Comfort Your Gassy Baby
Swallowing air and passing gas is common in infancy. But excessive intestinal gas can make a young baby miserable. A mother of one of my gassy little patients describes these bloated episodes:
When my daughter is trying to pass gas, it is like a mother going through a difficult labor.
How to Relieve the Gassy Baby
- If breastfeeding, be sure baby’s lips form a good seal far back on the areola.
- If bottle feeding, be sure baby’s lips are positioned on the wide base of the nipple, not just on the tip.
- Tilt the bottle at a thirty-to-forty-degree angle while feeding so that air rises to the bottom of the bottle; or try collapsible formula bags.

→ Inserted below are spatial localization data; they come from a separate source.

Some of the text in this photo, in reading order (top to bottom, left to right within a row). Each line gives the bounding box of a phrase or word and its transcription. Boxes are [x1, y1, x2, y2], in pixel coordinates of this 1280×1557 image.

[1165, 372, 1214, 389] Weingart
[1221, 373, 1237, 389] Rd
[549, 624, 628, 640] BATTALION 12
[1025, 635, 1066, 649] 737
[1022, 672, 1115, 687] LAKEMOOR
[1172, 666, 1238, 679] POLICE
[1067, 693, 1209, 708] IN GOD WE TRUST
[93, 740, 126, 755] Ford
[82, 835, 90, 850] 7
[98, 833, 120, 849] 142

- Eliminate fuss foods from your diet if breastfeeding (see elimination diet)
- Feed baby smaller volumes more frequently
- Keep baby upright (at about a forty-five-degree angle) during and for a half-hour after a feeding.
- Avoid prolonged sucking on pacifiers or empty bottle nipples.

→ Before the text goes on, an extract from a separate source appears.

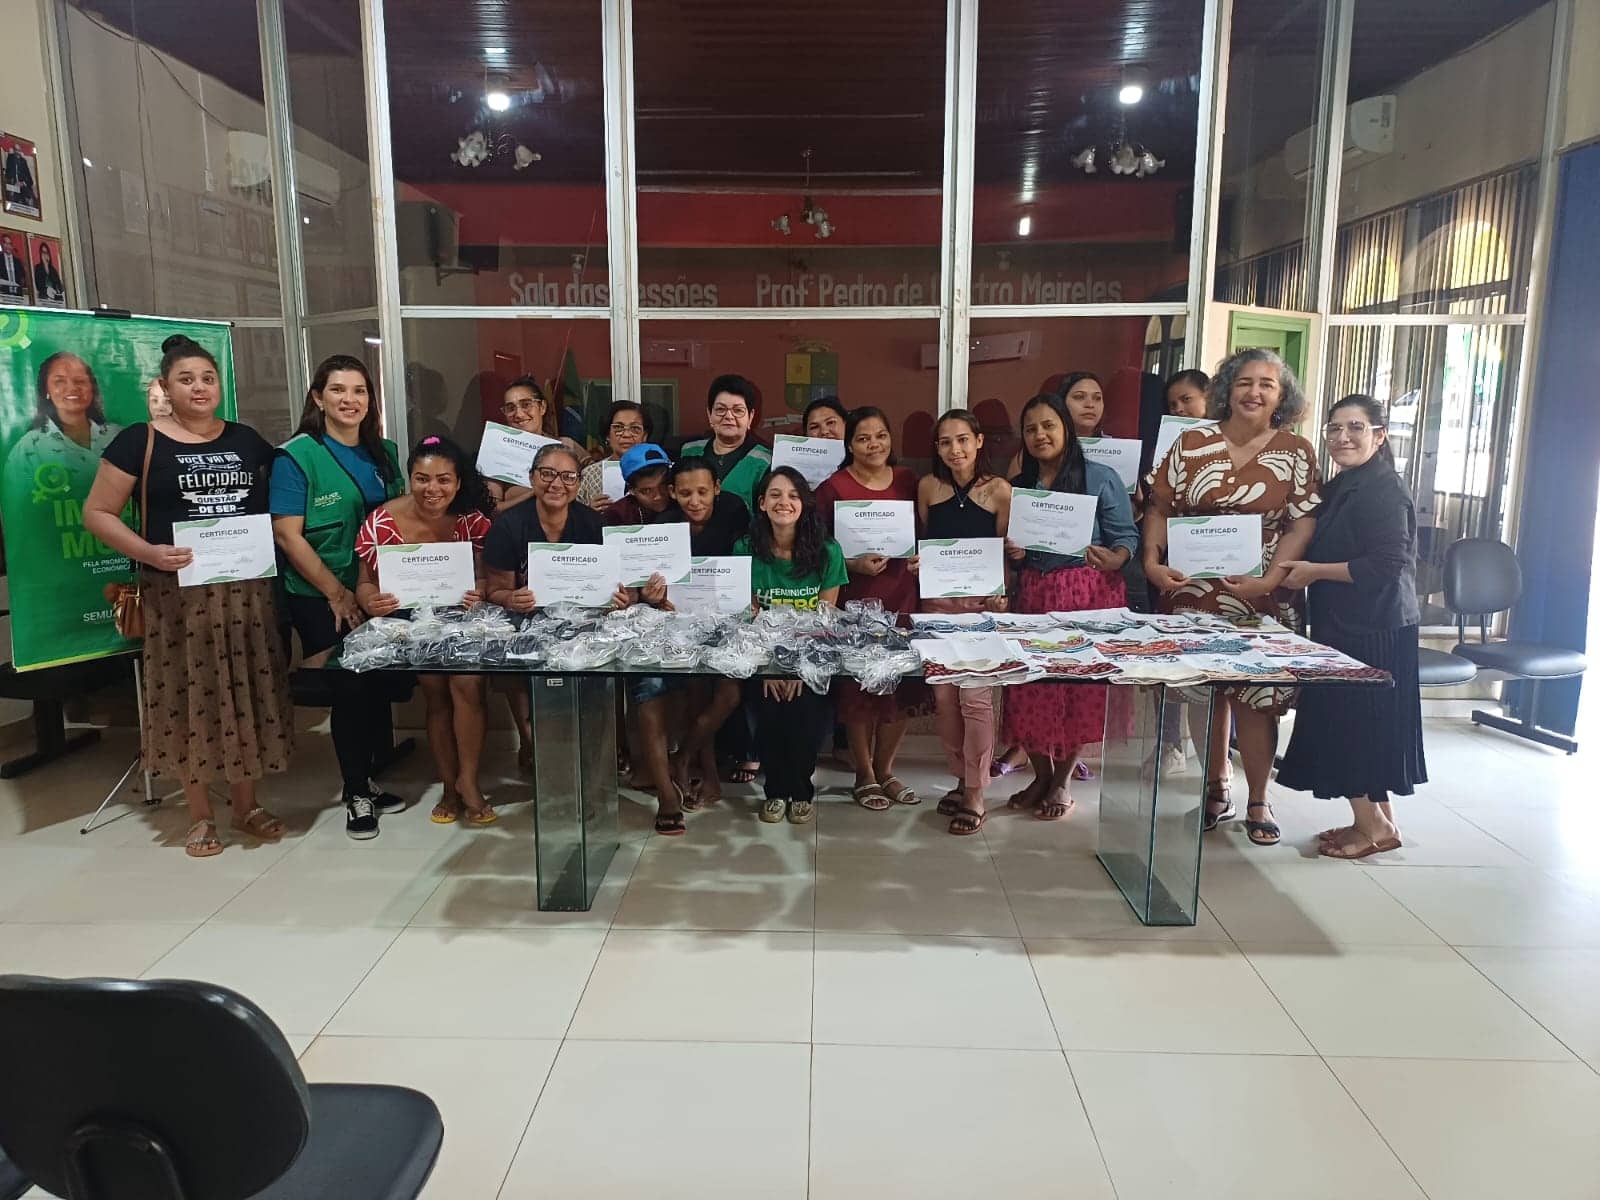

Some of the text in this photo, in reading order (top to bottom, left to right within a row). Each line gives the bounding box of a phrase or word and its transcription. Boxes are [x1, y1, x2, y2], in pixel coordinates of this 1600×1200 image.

- Respond promptly to a baby’s cries. First and foremost, be sure to burp baby during and after feedings. You can also try the following techniques and remedies (see comforting colic, for more about these):
- Abdominal massage
- Baby bends. Lie baby on his/her back, bend knees and legs toward abdomen applying gentle pressure on tummy.
- Simethicone drops
- Tummy rolls (see coping with colic)
- Warm baths
- Infant probiotics may be helpful with gassy and/or colicky infants.